O conforto, justamente, constitui o ponto de atrito. O tanque de 21 litros permite uma autonomia correta se o consumo da Yamaha FZS 1000 Fazer for controlado, mas afasta as coxas e acaba pesando nas viagens longas. O banco, firme, não perdoa além de 200 quilômetros. Quanto à pequena bolha, ela desempenha mais um papel estético do que protetor. Diante de uma Suzuki Bandit 1200 S mais confortável ou de uma Kawasaki Z1000 mais agressiva no estilo, a Fazer se posiciona como o compromisso inteligente, aquele que não sacrifica nada no aspecto dinâmico. A versão GT, a Yamaha FZS 1000 Fazer GT, corrige aliás parcialmente esses defeitos com baús laterais e uma bolha elevada.

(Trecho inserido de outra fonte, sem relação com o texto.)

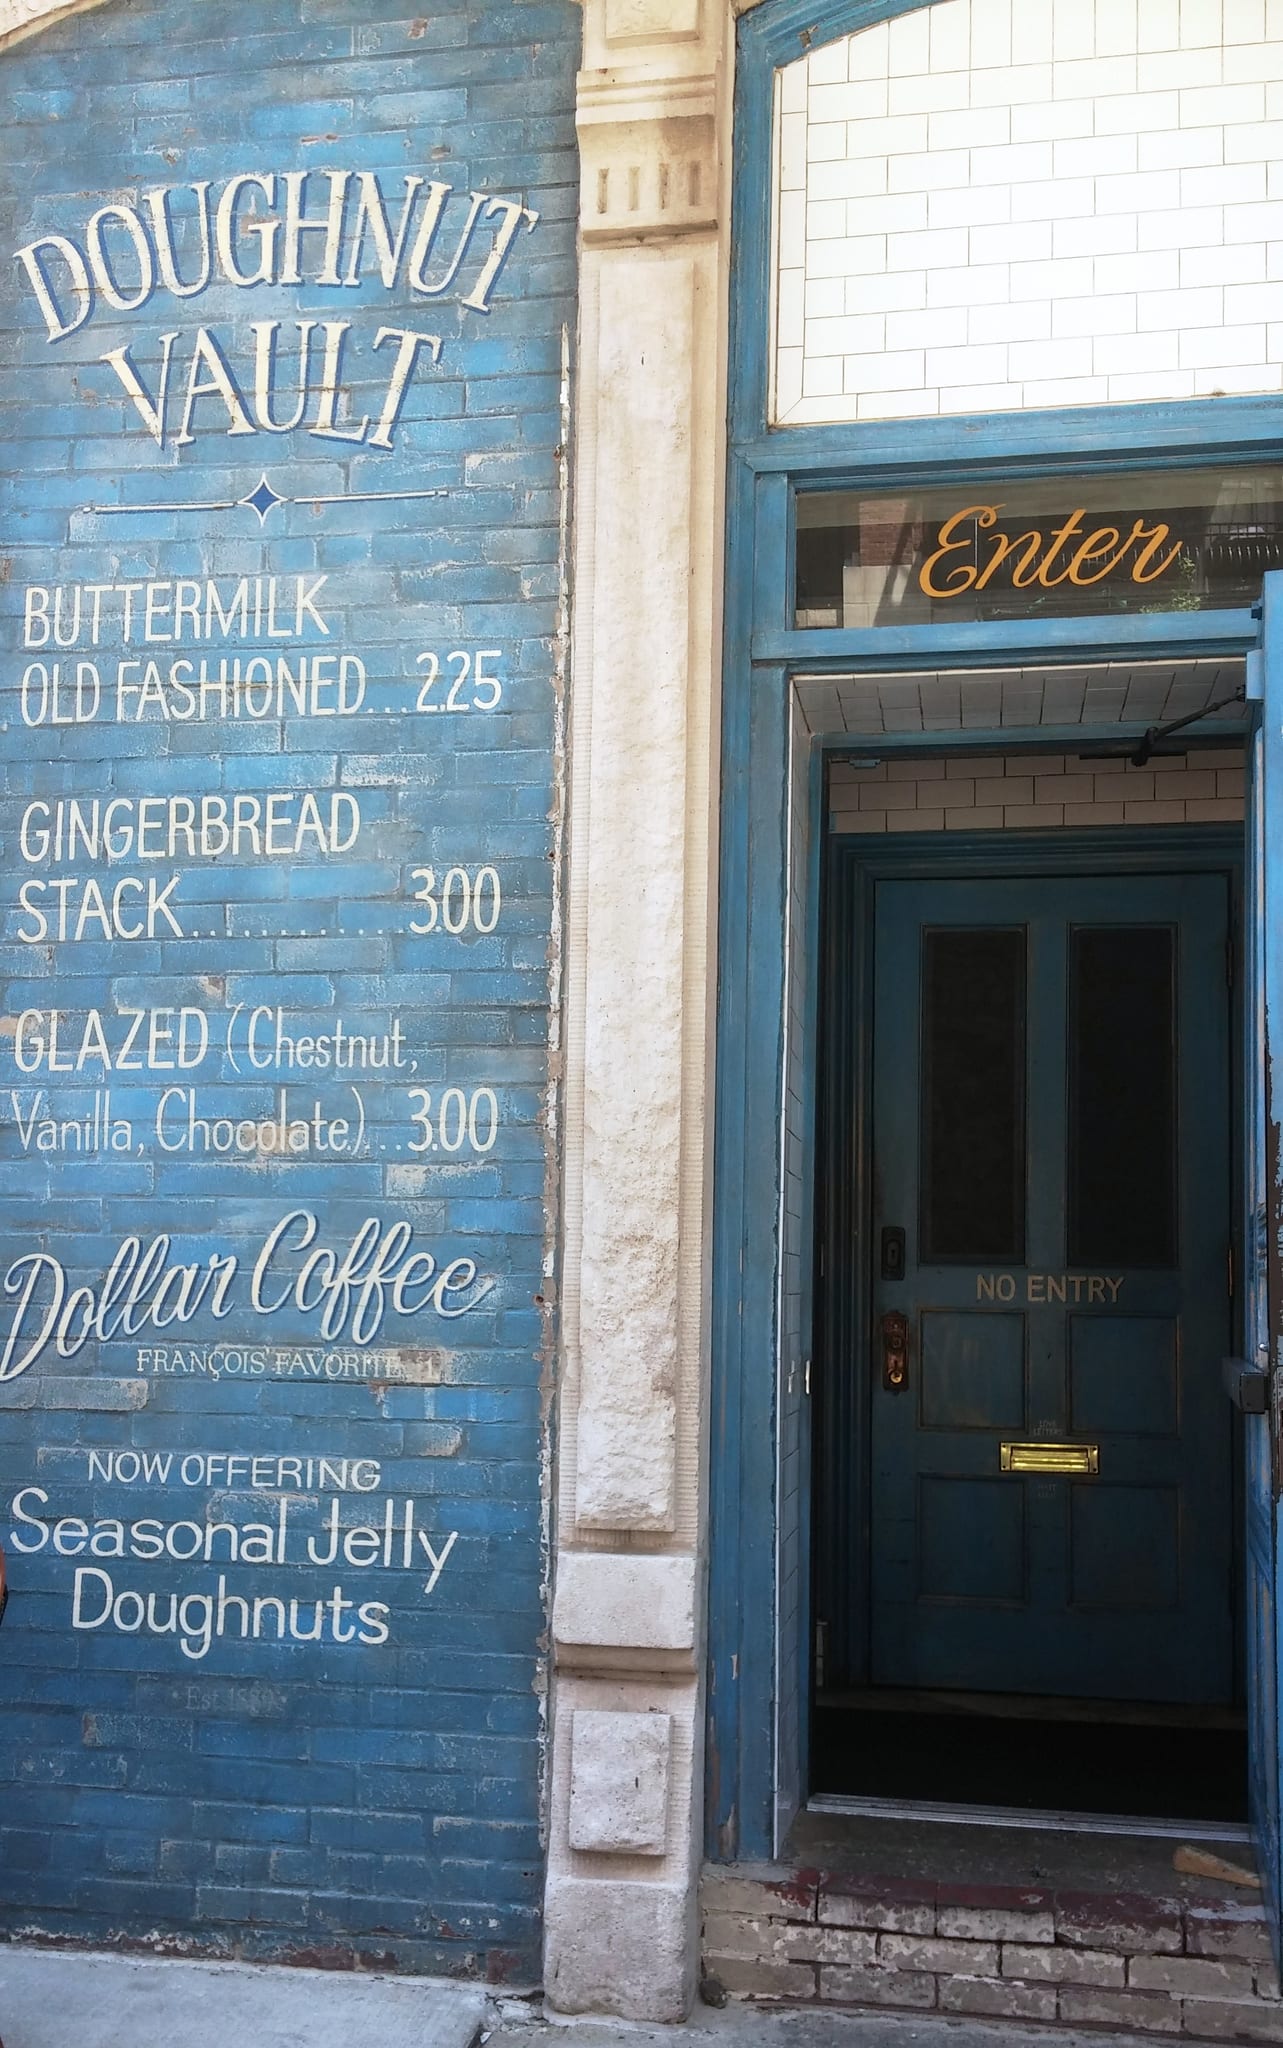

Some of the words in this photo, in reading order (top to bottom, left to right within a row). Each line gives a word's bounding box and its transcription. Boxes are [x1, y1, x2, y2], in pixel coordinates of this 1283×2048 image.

A manutenção da Yamaha FZS 1000 Fazer permanece razoável para um quatro cilindros japonês, e a confiabilidade mecânica não exige nenhuma ressalva em particular. Basta ficar atento à bateria da Yamaha FZS 1000 Fazer, que envelhece mal se a moto dorme muito tempo na garagem. Oferecida nova por cerca de 9.290 euros em 2004, ela é negociada hoje a preços muito acessíveis no mercado de usados. Para comprar uma Yamaha FZS 1000 Fazer, é provavelmente a melhor relação custo-benefício do segmento das grandes roadsters. As opiniões sobre a Yamaha FZS 1000 Fazer convergem todas para a mesma constatação: uma moto generosa, fácil de pilotar, feita para o motociclista que quer uma única máquina capaz de dar conta da semana na cidade e do fim de semana nas estradinhas. Não é a mais refinada, nem a mais espetacular, mas tremendamente eficiente.